TORONTO, Oct. 10, 2023- Denison Mines Corp. (“Denison” or the “Company”) (TSX: DML) (NYSE American: DNN) is pleased to announce that it has entered into an agreement with Cantor Fitzgerald Canada Corporation, as sole book-runner and lead underwriter, on its own behalf and on behalf of a syndicate of underwriters (collectively, the “Underwriters”), under which the Underwriters have agreed to purchase, on a bought deal basis, 37 million shares of the Company at US$1.49 per share (the “Issue Price”) for aggregate gross proceeds of approximately US$55.13 million (the “Offering”). View PDF version

In addition, Denison has agreed to grant to the Underwriters an over-allotment option (the “Over-Allotment Option”) exercisable, in whole or in part, at the sole discretion of the Underwriters to purchase up to an additional 5.55 million shares of the Company at the Issue Price until October 16, 2023 for potential additional gross proceeds to Denison of up to approximately US$8.27 million.

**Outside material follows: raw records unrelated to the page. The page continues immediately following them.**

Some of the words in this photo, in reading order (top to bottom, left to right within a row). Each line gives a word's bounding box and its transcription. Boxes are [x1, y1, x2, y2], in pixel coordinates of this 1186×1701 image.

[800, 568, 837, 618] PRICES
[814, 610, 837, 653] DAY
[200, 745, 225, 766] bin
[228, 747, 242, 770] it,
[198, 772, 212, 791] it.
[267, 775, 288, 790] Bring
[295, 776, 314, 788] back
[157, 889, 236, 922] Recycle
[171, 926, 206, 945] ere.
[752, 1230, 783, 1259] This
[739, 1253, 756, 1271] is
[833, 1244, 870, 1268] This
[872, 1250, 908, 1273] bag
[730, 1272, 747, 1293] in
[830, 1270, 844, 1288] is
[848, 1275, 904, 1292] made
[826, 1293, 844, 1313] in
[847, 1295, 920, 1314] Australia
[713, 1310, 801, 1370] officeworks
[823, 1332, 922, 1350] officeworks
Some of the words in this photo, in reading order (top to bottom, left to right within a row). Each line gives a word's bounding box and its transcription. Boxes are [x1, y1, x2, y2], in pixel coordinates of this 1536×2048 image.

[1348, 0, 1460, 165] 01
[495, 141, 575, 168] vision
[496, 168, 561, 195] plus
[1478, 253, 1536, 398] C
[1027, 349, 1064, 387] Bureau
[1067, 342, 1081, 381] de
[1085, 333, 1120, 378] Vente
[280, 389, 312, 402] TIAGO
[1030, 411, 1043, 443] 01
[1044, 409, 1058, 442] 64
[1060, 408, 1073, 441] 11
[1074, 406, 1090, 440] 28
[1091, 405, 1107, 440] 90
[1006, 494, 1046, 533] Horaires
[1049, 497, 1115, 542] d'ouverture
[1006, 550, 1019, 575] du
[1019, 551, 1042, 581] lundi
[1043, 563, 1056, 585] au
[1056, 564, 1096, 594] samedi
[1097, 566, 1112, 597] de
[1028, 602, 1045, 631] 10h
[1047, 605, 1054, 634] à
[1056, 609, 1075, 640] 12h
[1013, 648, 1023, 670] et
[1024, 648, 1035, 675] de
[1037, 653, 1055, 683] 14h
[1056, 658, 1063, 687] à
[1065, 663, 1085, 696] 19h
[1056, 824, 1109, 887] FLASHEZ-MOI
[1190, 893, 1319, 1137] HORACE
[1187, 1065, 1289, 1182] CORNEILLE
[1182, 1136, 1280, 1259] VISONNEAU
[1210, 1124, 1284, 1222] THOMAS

Denison intends to use the net proceeds from the Offering to fund (1) the advancement of the proposed Phoenix in-situ recovery uranium mining operation at Denison’s Wheeler River Project (the “Phoenix Project”) through the procurement of long lead items (including associated engineering, testing and design) identified during the ongoing Front End Engineering Design process and the Phoenix Feasibility Study; (2) exploration and evaluation expenditures; and (3) general corporate and administrative expenses, including those in support of corporate development activities, and working capital requirements.

Based upon preliminary budgets and plans, Denison expects the funds, taken together with existing financial resources including those from prior prospectus financings, will be sufficient to advance the Phoenix Project to a final investment decision and into the project execution phase. Denison further expects to be able to fund operations during this period while maintaining a large portion of its current physical uranium holdings, to be utilized in the future in connection with financing the continued advancement and/or construction of the Phoenix Project.

Denison will pay to the Underwriters a cash commission equal to 4.75% of the gross proceeds of the Offering, including any proceeds received from the exercise of the Over-Allotment Option.

The Offering will be made by way of a prospectus supplement (the “Prospectus Supplement”) to the Company’s existing Canadian short form base shelf prospectus (the “Base Shelf Prospectus”) and U.S. registration statement on Form F-10, as amended (File No. 333-258939) (the “Registration Statement”), each dated September 16, 2021. The Registration Statement was declared effective by the United States Securities and Exchange Commission (the “SEC”) on September 17, 2021. The Prospectus Supplement has been filed with the securities commissions in each of the provinces and territories of Canada, except Quebec, and with the SEC. The Canadian Prospectus Supplement is available on the SEDAR+ website maintained by the Canadian Securities Administrators at www.sedarplus.ca. The U.S. Prospectus Supplement (together with the related U.S. Base Shelf Prospectus) is available on the SEC’s website at www.sec.gov. Alternatively, the Prospectus Supplement may be obtained upon request by contacting the Company or Cantor Fitzgerald Canada Corporation in Canada, attention: Equity Capital Markets, 181 University Avenue, Suite 1500, Toronto, ON, M5H 3M7, email: ecmcanada@cantor.com or Cantor Fitzgerald & Co., Attention: Equity Capital Markets, 499 Park Avenue, 6th Floor, New York, New York, 10022 or by email at prospectus@cantor.com.

The Offering is expected to close on or about October 16, 2023, subject to the satisfaction of certain conditions including, but not limited to, the receipt of all necessary approvals, including the approval of the Toronto Stock Exchange and the NYSE American.